The decision to migrate to Grafana Cloud followed.

“Not only did I get a fully hosted solution, I got something that was very reliable and did not require maintenance,” Armstrong explains. “It represents really good value.”

Building out the full stack

With the operational burden of self-hosting removed, the team expanded. MarshallZehr moved to the full Grafana Cloud stack for logs, unified visualization, and long-term metrics storage. For the first time, they had full-stack visibility in a single platform, rather than dispersed across disconnected tools and direct server access.

One of the more consequential changes came with the adoption of Alloy for collecting, processing, and exporting telemetry signals. The previous collection model relied on a centralized Prometheus scraper—a single aggregation point pulling telemetry from across the infrastructure. Alloy enabled a shift to a distributed model in which individual applications and host instances self-scrape and push telemetry directly to Grafana Cloud.

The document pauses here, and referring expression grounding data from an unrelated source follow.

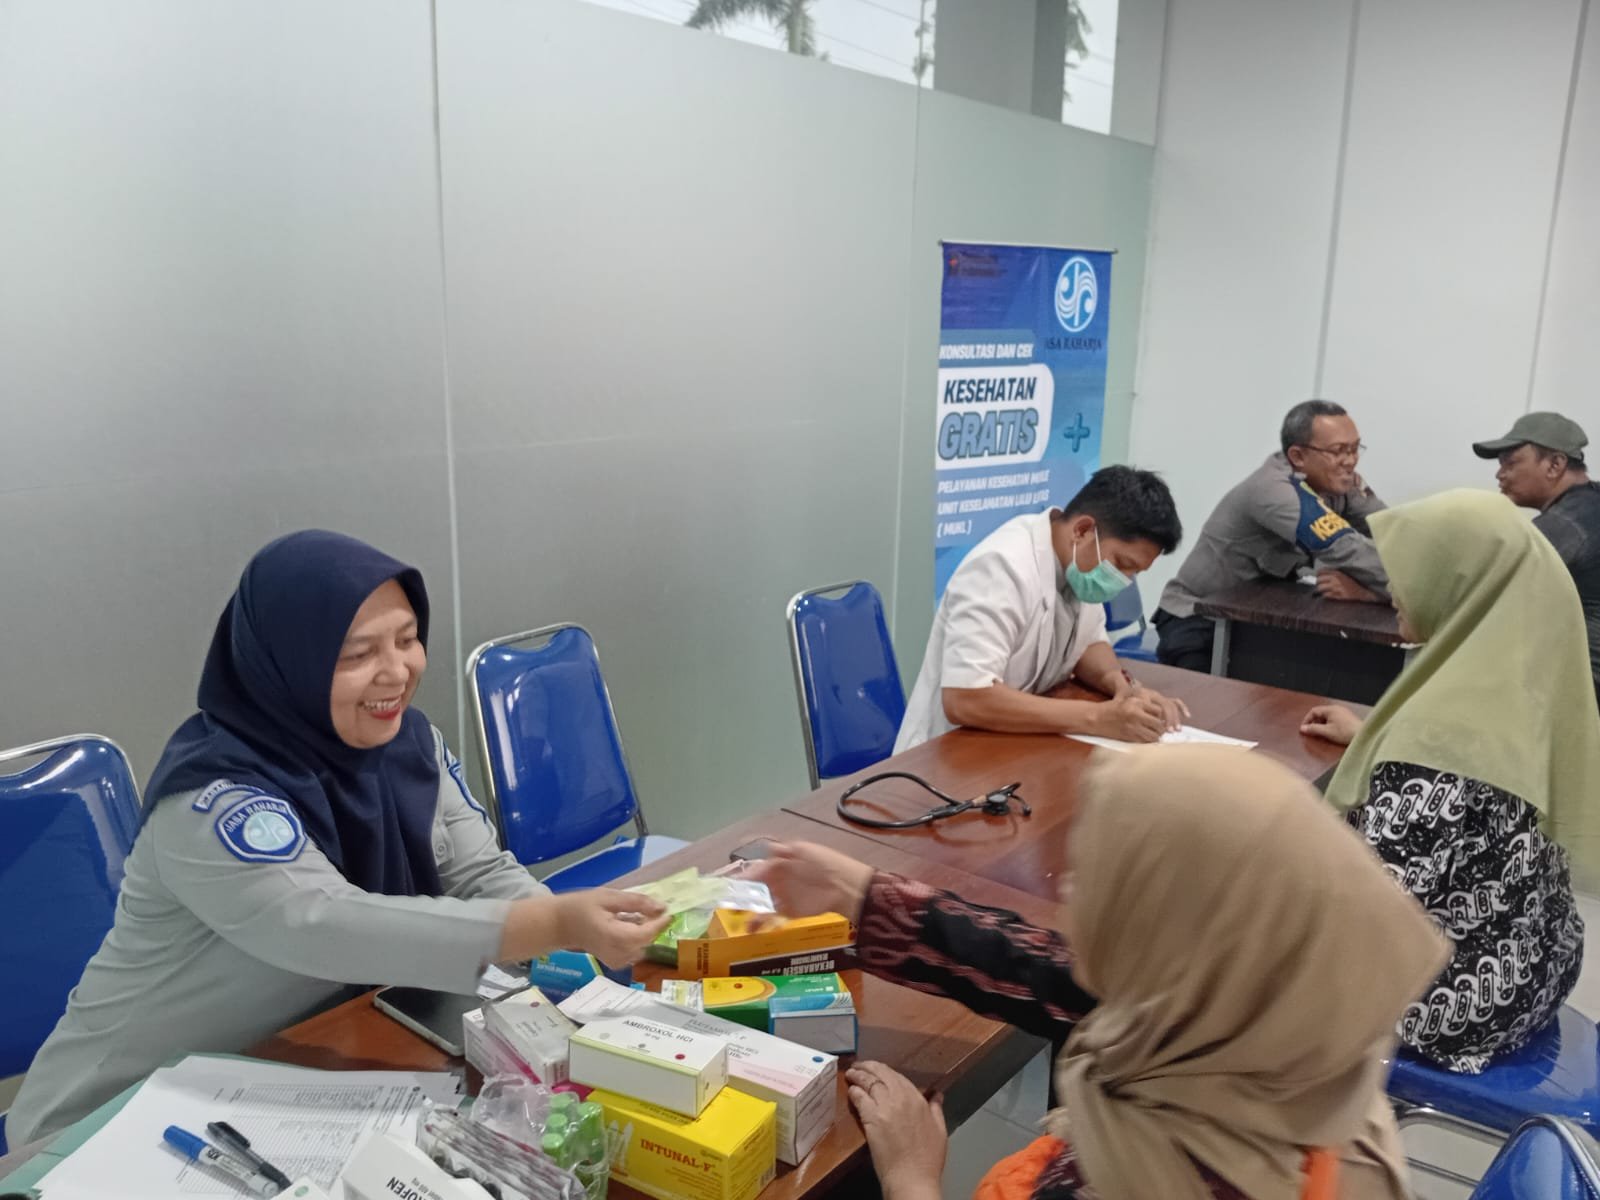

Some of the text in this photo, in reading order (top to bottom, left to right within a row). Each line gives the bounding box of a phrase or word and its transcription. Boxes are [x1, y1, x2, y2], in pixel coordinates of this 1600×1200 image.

[939, 343, 1034, 359] KONSULTASI DAN CEK
[944, 377, 1037, 404] KESEHATAN
[938, 408, 1039, 461] GRATIS
[938, 477, 986, 493] PELAYANAN
[987, 472, 1030, 489] KESEHATAN
[938, 501, 959, 515] UNIT
[959, 495, 1015, 513] KESELAMATAN
[223, 811, 247, 833] JASA
[622, 1019, 675, 1039] AMBROXOL

The architectural change is meaningful. A distributed collection model eliminates a single point of failure in the telemetry pipeline, removes bottlenecks as the infrastructure scales, and simplifies onboarding new services—each one responsible for its own instrumentation rather than requiring updates to a centralized configuration. For a small team managing a growing platform, reducing that category of maintenance toil has a real impact on what can be prioritized.

The operational shift

The consolidation of observability into a single platform has also compounded the team’s effectiveness in less visible ways. Fewer tools mean fewer context switches. Unified data means faster diagnosis. The time recaptured from maintenance of a self-hosted stack can be directed toward building the features and improvements to its own platform so they can help move the business forward.

There is also a competitive dimension that Armstrong is direct about. Private mortgage administration is not, by and large, a technically sophisticated industry. The observability practice that MarshallZehr has built gives the firm operational capabilities that most of its peers simply do not have. As a result, they’re better equipped to reduce risk and respond to their users’ needs—and they can do it with a smaller staff than their competitors.

What comes next

Armstrong has mapped out the next stages of the observability practice clearly. Distributed tracing, continuous profiling, and frontend observability are each on the roadmap. Cost-effectiveness is a central consideration at MarshallZehr’s scale—and Grafana’s adaptive capabilities, including adaptive metrics and adaptive logs, are how the team expects to extend coverage without a proportional increase in spend.

Internally, the work is also about culture as much as technology. Armstrong’s team is investing in helping engineers connect observability data to the direct impact of their work—building the feedback loop between code shipped and telemetry returned. Making observability a natural part of how the team builds software is the next phase of a practice that, not long ago, did not exist at all.